The method carries out field test on the Tianrun Dafeng wind power plant, and the test is divided into frequency up-disturbance and frequencyTwo types of downward perturbation. The obtained Runlong two-wire wind power data, i.e., the system frequency and the active power, is input into an evaluation model, and the evaluation result is shown in fig. 8 and 9. Because the inertia response of the Tianrunda Dafeng wind power plant is that the MPPT mode of the wind turbine generator is locked, the equivalent virtual inertia constant obtained through evaluation is a constant value. Evaluation results H shown in fig. 8 and 9 _WF The method floats around the set value of 5s, and the effectiveness and the accuracy of the evaluation algorithm provided by the invention are proved.

In the embodiment, the wind power plant equivalent swing equation is converted into an algebraic equation form in a frequency domain from a differential equation form in the time domain, algebraic operation is performed, then the algebraic equation in the frequency domain is converted into an integral equation which can be identified in the time domain by using inverse Laplace transform, and finally an expression of an equivalent inertia constant is solved by using a gradient method of numerical integration to construct a station-level inertia constant evaluation model.
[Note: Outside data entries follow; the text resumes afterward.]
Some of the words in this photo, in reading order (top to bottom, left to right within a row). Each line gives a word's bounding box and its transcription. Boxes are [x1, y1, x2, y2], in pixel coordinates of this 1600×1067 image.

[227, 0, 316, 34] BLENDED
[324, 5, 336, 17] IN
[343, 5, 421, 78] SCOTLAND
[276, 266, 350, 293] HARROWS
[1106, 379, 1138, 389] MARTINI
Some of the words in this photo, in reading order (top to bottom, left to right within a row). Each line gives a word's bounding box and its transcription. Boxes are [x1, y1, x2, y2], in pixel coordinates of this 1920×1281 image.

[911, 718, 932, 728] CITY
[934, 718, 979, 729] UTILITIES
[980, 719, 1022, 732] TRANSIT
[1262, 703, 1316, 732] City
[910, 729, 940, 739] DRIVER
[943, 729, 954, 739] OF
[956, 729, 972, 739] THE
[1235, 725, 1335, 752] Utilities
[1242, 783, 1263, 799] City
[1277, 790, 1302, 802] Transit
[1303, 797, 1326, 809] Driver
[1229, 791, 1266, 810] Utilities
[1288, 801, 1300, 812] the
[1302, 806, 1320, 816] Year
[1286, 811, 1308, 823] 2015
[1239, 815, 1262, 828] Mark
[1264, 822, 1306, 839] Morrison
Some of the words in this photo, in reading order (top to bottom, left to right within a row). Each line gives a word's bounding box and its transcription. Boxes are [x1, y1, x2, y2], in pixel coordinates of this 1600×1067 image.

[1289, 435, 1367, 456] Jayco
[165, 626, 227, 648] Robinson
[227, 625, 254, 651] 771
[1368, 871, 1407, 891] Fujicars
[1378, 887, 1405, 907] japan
According to the method, the wind power plant equivalent swing equation is converted from a differential equation form to an integral equation form, so that the frequency derivative term in the inertia evaluation model equation is indirectly processed, and the problem of derivative peak is avoided; in addition, the method fully utilizes the historical data of the frequency deviation and the power deviation, and avoids the identification error caused by a single bad data point; the singular point removing operation is carried out on the evaluation result, so that the evaluation result H can be prevented _WF While suddenly increasing, maintaining H _WF The numerical error can be effectively eliminated by selecting proper beta according to the variation trend of the model, the accuracy of the evaluation result is improved, and the sensitivity of the evaluation model to noise is reduced.

Example two:

the embodiment provides an online evaluation device for equivalent virtual inertia constants of a wind power plant, which comprises:

a pretreatment module: the method is used for preprocessing the measured data of the wind power plant;

an equation building module: the wind power plant equivalent oscillation equation is established according to the oscillation equation of the synchronous unit;

a model construction module: the method comprises the steps of constructing a station-level inertia constant evaluation model according to an equivalent swing equation of the wind power plant by using a time-frequency transformation method;

an evaluation module: the system comprises a wind power plant level inertia constant evaluation model, a wind power plant level inertia constant evaluation model and a wind power plant level inertia constant evaluation model, wherein the wind power plant level inertia constant evaluation model is used for inputting preprocessed wind power plant measured data to the wind power plant level inertia constant evaluation model so as to output an evaluation result;

a singular point removing module: the method comprises the steps of performing singular point removing operation on an evaluation result to obtain an equivalent virtual inertia constant of the wind power plant;

the measured data of the wind power plant comprises a system frequency signal and an active power signal of the wind power plant.

The wind power plant equivalent virtual inertia constant online evaluation device provided by the embodiment of the invention can execute the wind power plant equivalent virtual inertia constant online evaluation method provided by any embodiment of the invention, and has corresponding functional modules and beneficial effects of the execution method.

Example three:

the embodiment provides an online evaluation device for equivalent virtual inertia constants of a wind power plant, which comprises a processor and a storage medium;

a storage medium to store instructions;

the processor is configured to operate according to the instructions to perform the steps of the method of the first embodiment.

Example four:

the present embodiment provides a computer-readable storage medium, on which a computer program is stored, which when executed by a processor implements the steps of the method of the first embodiment.

As will be appreciated by one skilled in the art, embodiments of the present application may be provided as a method, system, or computer program product. Accordingly, the present application may take the form of an entirely hardware embodiment, an entirely software embodiment or an embodiment combining software and hardware aspects. Furthermore, the present application may take the form of a computer program product embodied on one or more computer-usable storage media (including, but not limited to, disk storage, CD-ROM, optical storage, and the like) having computer-usable program code embodied therein.

The present application is described with reference to flowchart illustrations and/or block diagrams of methods, apparatus (systems), and computer program products according to embodiments of the application. It will be understood that each flow and/or block of the flow diagrams and/or block diagrams, and combinations of flows and/or blocks in the flow diagrams and/or block diagrams, can be implemented by computer program instructions. These computer program instructions may be provided to a processor of a general purpose computer, special purpose computer, embedded processor, or other programmable data processing apparatus to produce a machine, such that the instructions, which execute via the processor of the computer or other programmable data processing apparatus, create means for implementing the functions specified in the flowchart flow or flows and/or block diagram block or blocks.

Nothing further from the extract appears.